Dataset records

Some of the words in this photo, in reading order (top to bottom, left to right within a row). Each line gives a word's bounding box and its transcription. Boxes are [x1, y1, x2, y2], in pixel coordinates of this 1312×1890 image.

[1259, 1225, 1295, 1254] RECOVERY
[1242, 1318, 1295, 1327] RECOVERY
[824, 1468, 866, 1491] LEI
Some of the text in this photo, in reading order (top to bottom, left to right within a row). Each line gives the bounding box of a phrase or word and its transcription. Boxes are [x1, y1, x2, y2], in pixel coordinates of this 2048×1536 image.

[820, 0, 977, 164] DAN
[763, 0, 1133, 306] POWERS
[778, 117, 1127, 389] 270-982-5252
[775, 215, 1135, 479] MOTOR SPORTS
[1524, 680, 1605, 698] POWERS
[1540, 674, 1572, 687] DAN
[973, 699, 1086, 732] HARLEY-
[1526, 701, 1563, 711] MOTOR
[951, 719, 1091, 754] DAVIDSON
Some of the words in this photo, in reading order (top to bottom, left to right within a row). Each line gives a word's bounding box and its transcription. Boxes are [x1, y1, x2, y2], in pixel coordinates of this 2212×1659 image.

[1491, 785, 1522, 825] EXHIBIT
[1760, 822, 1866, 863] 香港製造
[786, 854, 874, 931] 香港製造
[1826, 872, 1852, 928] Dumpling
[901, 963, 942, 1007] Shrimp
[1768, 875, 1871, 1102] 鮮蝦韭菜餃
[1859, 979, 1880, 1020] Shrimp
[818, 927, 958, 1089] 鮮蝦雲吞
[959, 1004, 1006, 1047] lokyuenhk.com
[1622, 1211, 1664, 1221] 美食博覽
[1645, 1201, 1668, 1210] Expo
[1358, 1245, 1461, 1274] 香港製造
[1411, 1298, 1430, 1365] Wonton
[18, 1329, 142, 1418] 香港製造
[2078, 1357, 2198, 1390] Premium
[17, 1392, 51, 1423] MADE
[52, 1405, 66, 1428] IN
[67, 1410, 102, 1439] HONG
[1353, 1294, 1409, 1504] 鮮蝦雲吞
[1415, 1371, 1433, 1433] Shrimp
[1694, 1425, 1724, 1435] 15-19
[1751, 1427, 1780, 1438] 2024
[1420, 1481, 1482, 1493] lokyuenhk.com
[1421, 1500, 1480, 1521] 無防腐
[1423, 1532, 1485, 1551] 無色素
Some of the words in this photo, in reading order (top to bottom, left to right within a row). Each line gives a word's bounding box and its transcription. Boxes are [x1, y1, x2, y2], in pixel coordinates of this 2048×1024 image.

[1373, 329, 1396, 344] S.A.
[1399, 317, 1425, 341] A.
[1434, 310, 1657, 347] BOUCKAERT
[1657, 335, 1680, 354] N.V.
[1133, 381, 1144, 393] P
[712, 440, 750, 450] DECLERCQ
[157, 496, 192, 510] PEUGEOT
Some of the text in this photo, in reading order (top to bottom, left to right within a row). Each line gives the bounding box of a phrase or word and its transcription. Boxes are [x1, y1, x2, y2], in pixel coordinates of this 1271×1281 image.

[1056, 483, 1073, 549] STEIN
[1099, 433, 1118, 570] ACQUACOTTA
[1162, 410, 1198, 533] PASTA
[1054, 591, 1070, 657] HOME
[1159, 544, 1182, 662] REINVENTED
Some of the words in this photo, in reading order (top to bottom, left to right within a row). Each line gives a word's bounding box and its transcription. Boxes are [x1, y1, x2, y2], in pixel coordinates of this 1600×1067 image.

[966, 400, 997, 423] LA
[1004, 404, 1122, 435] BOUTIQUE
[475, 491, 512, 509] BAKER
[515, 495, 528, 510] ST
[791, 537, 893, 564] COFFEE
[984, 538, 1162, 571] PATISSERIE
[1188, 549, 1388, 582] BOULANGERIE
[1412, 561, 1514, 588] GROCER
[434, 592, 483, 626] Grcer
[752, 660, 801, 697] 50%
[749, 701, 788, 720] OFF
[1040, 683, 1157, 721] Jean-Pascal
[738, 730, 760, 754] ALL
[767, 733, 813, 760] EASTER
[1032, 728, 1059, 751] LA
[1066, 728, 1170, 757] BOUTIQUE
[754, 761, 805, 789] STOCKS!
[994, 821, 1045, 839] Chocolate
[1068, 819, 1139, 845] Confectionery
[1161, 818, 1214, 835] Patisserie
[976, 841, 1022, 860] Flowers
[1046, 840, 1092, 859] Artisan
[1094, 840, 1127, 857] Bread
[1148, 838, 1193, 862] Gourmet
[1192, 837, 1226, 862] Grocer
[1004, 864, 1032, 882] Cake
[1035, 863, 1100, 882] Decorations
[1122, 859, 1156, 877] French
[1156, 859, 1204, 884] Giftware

■ REQUIREMENT
Take the entries above and repeat them verbatim.

■ RESPONSE TO THE TASK
Some of the words in this photo, in reading order (top to bottom, left to right within a row). Each line gives a word's bounding box and its transcription. Boxes are [x1, y1, x2, y2], in pixel coordinates of this 1312×1890 image.

[1259, 1225, 1295, 1254] RECOVERY
[1242, 1318, 1295, 1327] RECOVERY
[824, 1468, 866, 1491] LEI
Some of the text in this photo, in reading order (top to bottom, left to right within a row). Each line gives the bounding box of a phrase or word and its transcription. Boxes are [x1, y1, x2, y2], in pixel coordinates of this 2048×1536 image.

[820, 0, 977, 164] DAN
[763, 0, 1133, 306] POWERS
[778, 117, 1127, 389] 270-982-5252
[775, 215, 1135, 479] MOTOR SPORTS
[1524, 680, 1605, 698] POWERS
[1540, 674, 1572, 687] DAN
[973, 699, 1086, 732] HARLEY-
[1526, 701, 1563, 711] MOTOR
[951, 719, 1091, 754] DAVIDSON
Some of the words in this photo, in reading order (top to bottom, left to right within a row). Each line gives a word's bounding box and its transcription. Boxes are [x1, y1, x2, y2], in pixel coordinates of this 2212×1659 image.

[1491, 785, 1522, 825] EXHIBIT
[1760, 822, 1866, 863] 香港製造
[786, 854, 874, 931] 香港製造
[1826, 872, 1852, 928] Dumpling
[901, 963, 942, 1007] Shrimp
[1768, 875, 1871, 1102] 鮮蝦韭菜餃
[1859, 979, 1880, 1020] Shrimp
[818, 927, 958, 1089] 鮮蝦雲吞
[959, 1004, 1006, 1047] lokyuenhk.com
[1622, 1211, 1664, 1221] 美食博覽
[1645, 1201, 1668, 1210] Expo
[1358, 1245, 1461, 1274] 香港製造
[1411, 1298, 1430, 1365] Wonton
[18, 1329, 142, 1418] 香港製造
[2078, 1357, 2198, 1390] Premium
[17, 1392, 51, 1423] MADE
[52, 1405, 66, 1428] IN
[67, 1410, 102, 1439] HONG
[1353, 1294, 1409, 1504] 鮮蝦雲吞
[1415, 1371, 1433, 1433] Shrimp
[1694, 1425, 1724, 1435] 15-19
[1751, 1427, 1780, 1438] 2024
[1420, 1481, 1482, 1493] lokyuenhk.com
[1421, 1500, 1480, 1521] 無防腐
[1423, 1532, 1485, 1551] 無色素
Some of the words in this photo, in reading order (top to bottom, left to right within a row). Each line gives a word's bounding box and its transcription. Boxes are [x1, y1, x2, y2], in pixel coordinates of this 2048×1024 image.

[1373, 329, 1396, 344] S.A.
[1399, 317, 1425, 341] A.
[1434, 310, 1657, 347] BOUCKAERT
[1657, 335, 1680, 354] N.V.
[1133, 381, 1144, 393] P
[712, 440, 750, 450] DECLERCQ
[157, 496, 192, 510] PEUGEOT
Some of the text in this photo, in reading order (top to bottom, left to right within a row). Each line gives the bounding box of a phrase or word and its transcription. Boxes are [x1, y1, x2, y2], in pixel coordinates of this 1271×1281 image.

[1056, 483, 1073, 549] STEIN
[1099, 433, 1118, 570] ACQUACOTTA
[1162, 410, 1198, 533] PASTA
[1054, 591, 1070, 657] HOME
[1159, 544, 1182, 662] REINVENTED
Some of the words in this photo, in reading order (top to bottom, left to right within a row). Each line gives a word's bounding box and its transcription. Boxes are [x1, y1, x2, y2], in pixel coordinates of this 1600×1067 image.

[966, 400, 997, 423] LA
[1004, 404, 1122, 435] BOUTIQUE
[475, 491, 512, 509] BAKER
[515, 495, 528, 510] ST
[791, 537, 893, 564] COFFEE
[984, 538, 1162, 571] PATISSERIE
[1188, 549, 1388, 582] BOULANGERIE
[1412, 561, 1514, 588] GROCER
[434, 592, 483, 626] Grcer
[752, 660, 801, 697] 50%
[749, 701, 788, 720] OFF
[1040, 683, 1157, 721] Jean-Pascal
[738, 730, 760, 754] ALL
[767, 733, 813, 760] EASTER
[1032, 728, 1059, 751] LA
[1066, 728, 1170, 757] BOUTIQUE
[754, 761, 805, 789] STOCKS!
[994, 821, 1045, 839] Chocolate
[1068, 819, 1139, 845] Confectionery
[1161, 818, 1214, 835] Patisserie
[976, 841, 1022, 860] Flowers
[1046, 840, 1092, 859] Artisan
[1094, 840, 1127, 857] Bread
[1148, 838, 1193, 862] Gourmet
[1192, 837, 1226, 862] Grocer
[1004, 864, 1032, 882] Cake
[1035, 863, 1100, 882] Decorations
[1122, 859, 1156, 877] French
[1156, 859, 1204, 884] Giftware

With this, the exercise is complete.